Department of Chemistry and Applied Biosciences, RETHINK, ETH Zurich, 8093, Zurich, Switzerland.
Department of Medicinal Chemistry, Boehringer Ingelheim Pharma GmbH & Co. KG, Birkendorfer Straße 65, 88397, Biberach an der Riss, Germany.
Sci Data. 2022 Jun 7;9(1):273. doi: 10.1038/s41597-022-01390-7.
Machine learning approaches in drug discovery, as well as in other areas of the chemical sciences, benefit from curated datasets of physical molecular properties. However, there currently is a lack of data collections featuring large bioactive molecules alongside first-principle quantum chemical information.

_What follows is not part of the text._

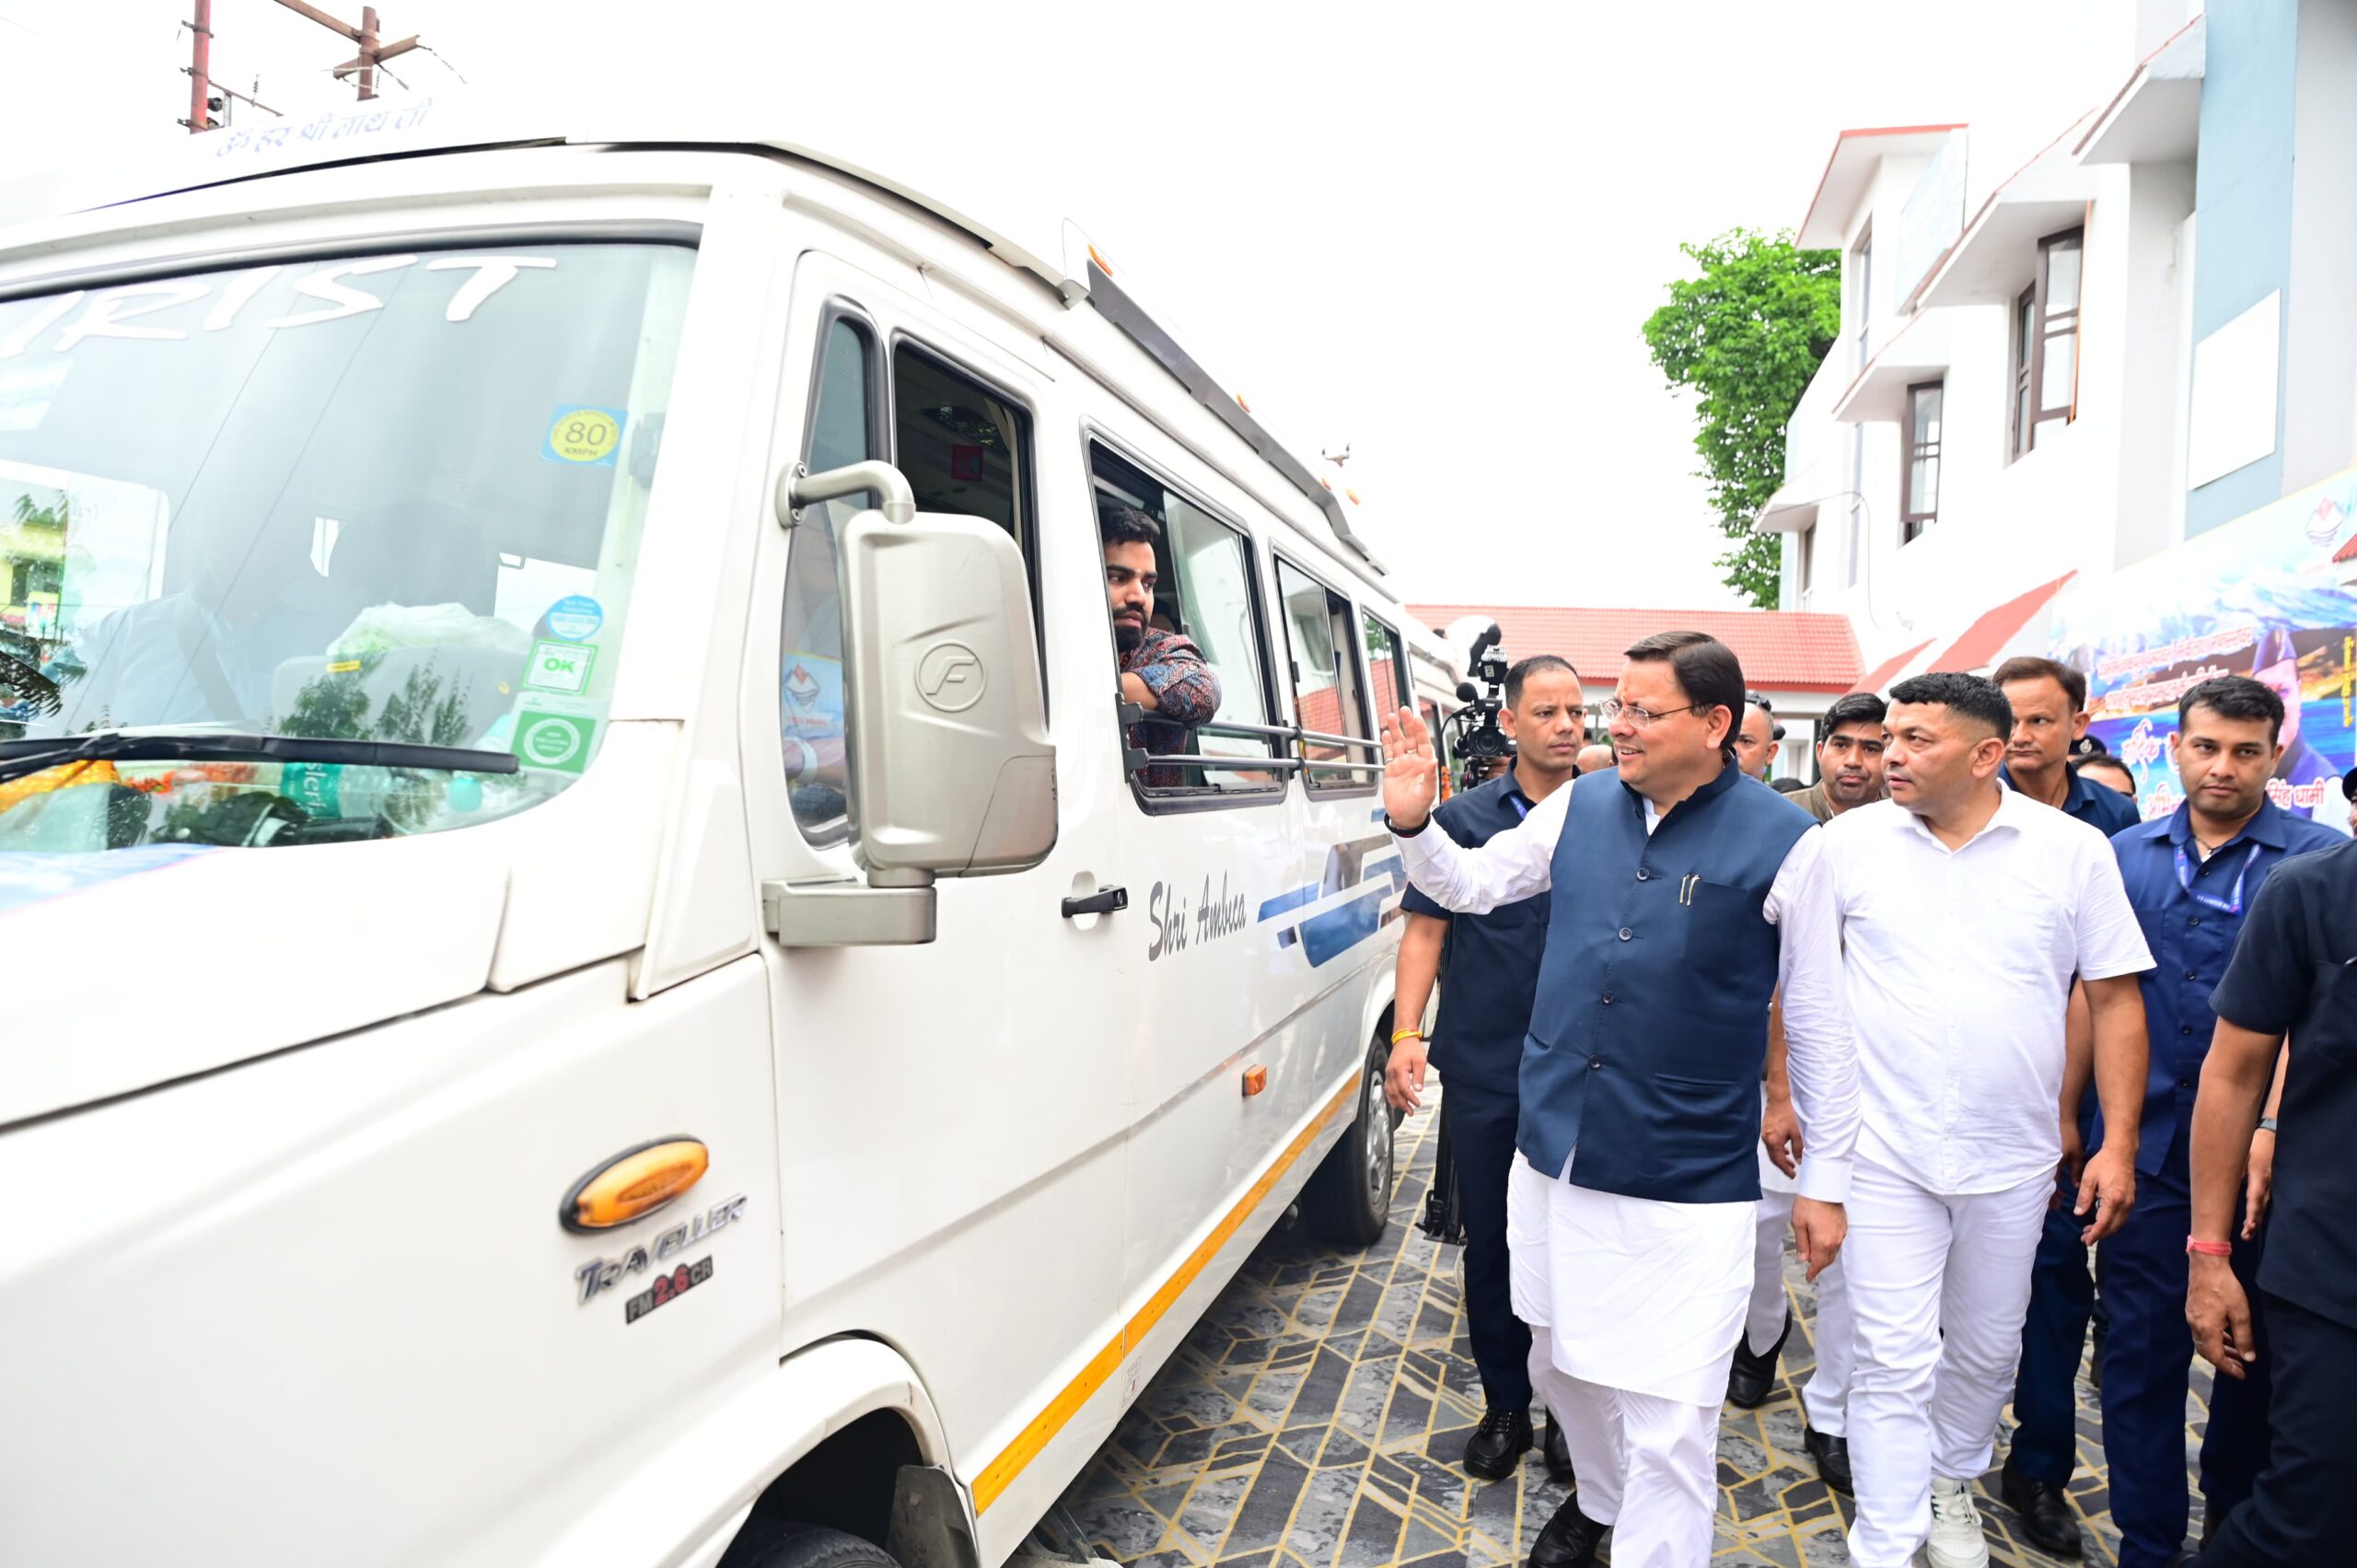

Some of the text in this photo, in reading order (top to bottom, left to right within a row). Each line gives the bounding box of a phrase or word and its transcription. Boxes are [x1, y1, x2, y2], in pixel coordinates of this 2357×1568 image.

The open-access QMugs (Quantum-Mechanical Properties of Drug-like Molecules) dataset fills this void. The QMugs collection comprises quantum mechanical properties of more than 665 k biologically and pharmacologically relevant molecules extracted from the ChEMBL database, totaling ~2 M conformers. QMugs contains optimized molecular geometries and thermodynamic data obtained via the semi-empirical method GFN2-xTB. Atomic and molecular properties are provided on both the GFN2-xTB and on the density-functional levels of theory (DFT, ωB97X-D/def2-SVP). QMugs features molecules of significantly larger size than previously-reported collections and comprises their respective quantum mechanical wave functions, including DFT density and orbital matrices. This dataset is intended to facilitate the development of models that learn from molecular data on different levels of theory while also providing insight into the corresponding relationships between molecular structure and biological activity.
机器学习方法在药物发现领域以及化学科学的其他领域都受益于经过精心整理的物理分子性质数据集。然而,目前缺乏同时具有大型生物活性分子和第一性原理量子化学信息的数据集。开放获取的 QMugs(药物样分子的量子力学性质)数据集填补了这一空白。QMugs 数据集包含了从 ChEMBL 数据库中提取的超过 66.5 万个具有生物和药理学相关性的分子的量子力学性质,总计约 200 万个构象。QMugs 包含通过半经验方法 GFN2-xTB 优化的分子几何形状和热力学数据。原子和分子性质同时提供在 GFN2-xTB 和密度泛函理论(DFT,ωB97X-D/def2-SVP)水平上。QMugs 中的分子大小明显大于以前报道的数据集,并且包含它们各自的量子力学波函数,包括 DFT 密度和轨道矩阵。该数据集旨在促进在不同理论水平上从分子数据中学习模型的发展,同时也深入了解分子结构与生物活性之间的对应关系。